_What the task requires:_ Output all of the data exactly as it appears, but leave out any pictures it contains.

_Source records:_
===============

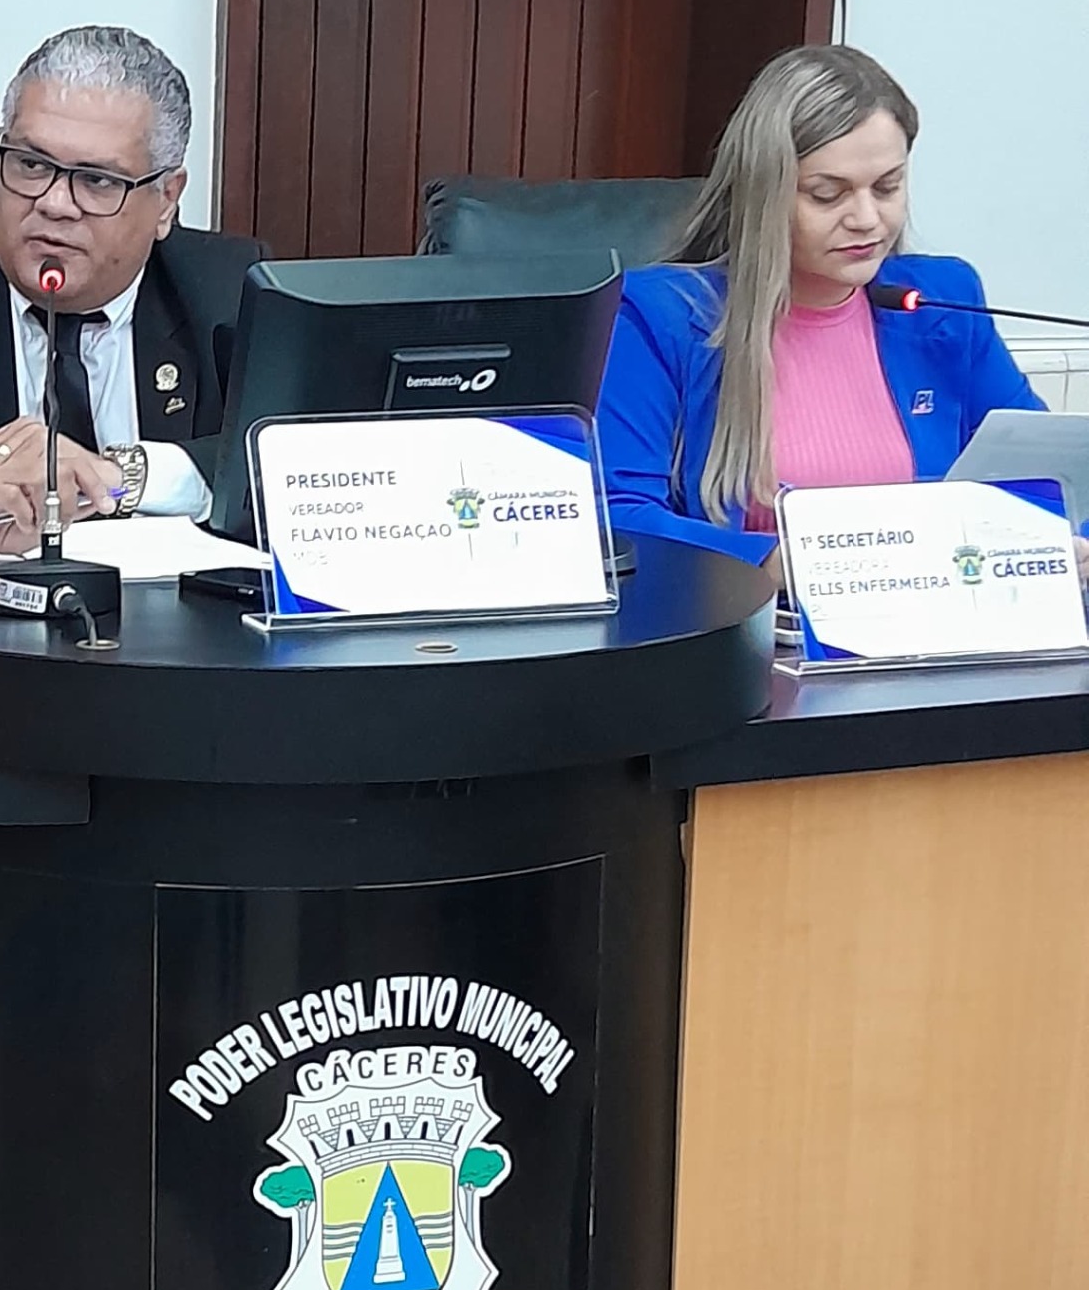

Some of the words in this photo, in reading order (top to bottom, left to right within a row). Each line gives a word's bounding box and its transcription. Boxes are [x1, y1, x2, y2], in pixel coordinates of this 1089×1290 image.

[407, 376, 462, 388] bematech
[286, 471, 397, 489] PRESIDENTE
[493, 501, 579, 522] CÁCERES
[817, 528, 914, 549] SECRETÁRIO
[993, 558, 1068, 578] CÁCERES
[809, 582, 844, 597] ELIS
[850, 576, 950, 593] ENFERMEIRA
[169, 1023, 270, 1121] PODER
[261, 975, 458, 1060] LEGISLATIVO
[456, 982, 576, 1096] MUNICIPAL
[305, 1050, 471, 1092] CÁCERES

===============

_Solution below:_
Some of the words in this photo, in reading order (top to bottom, left to right within a row). Each line gives a word's bounding box and its transcription. Boxes are [x1, y1, x2, y2], in pixel coordinates of this 1089×1290 image.

[407, 376, 462, 388] bematech
[286, 471, 397, 489] PRESIDENTE
[493, 501, 579, 522] CÁCERES
[817, 528, 914, 549] SECRETÁRIO
[993, 558, 1068, 578] CÁCERES
[809, 582, 844, 597] ELIS
[850, 576, 950, 593] ENFERMEIRA
[169, 1023, 270, 1121] PODER
[261, 975, 458, 1060] LEGISLATIVO
[456, 982, 576, 1096] MUNICIPAL
[305, 1050, 471, 1092] CÁCERES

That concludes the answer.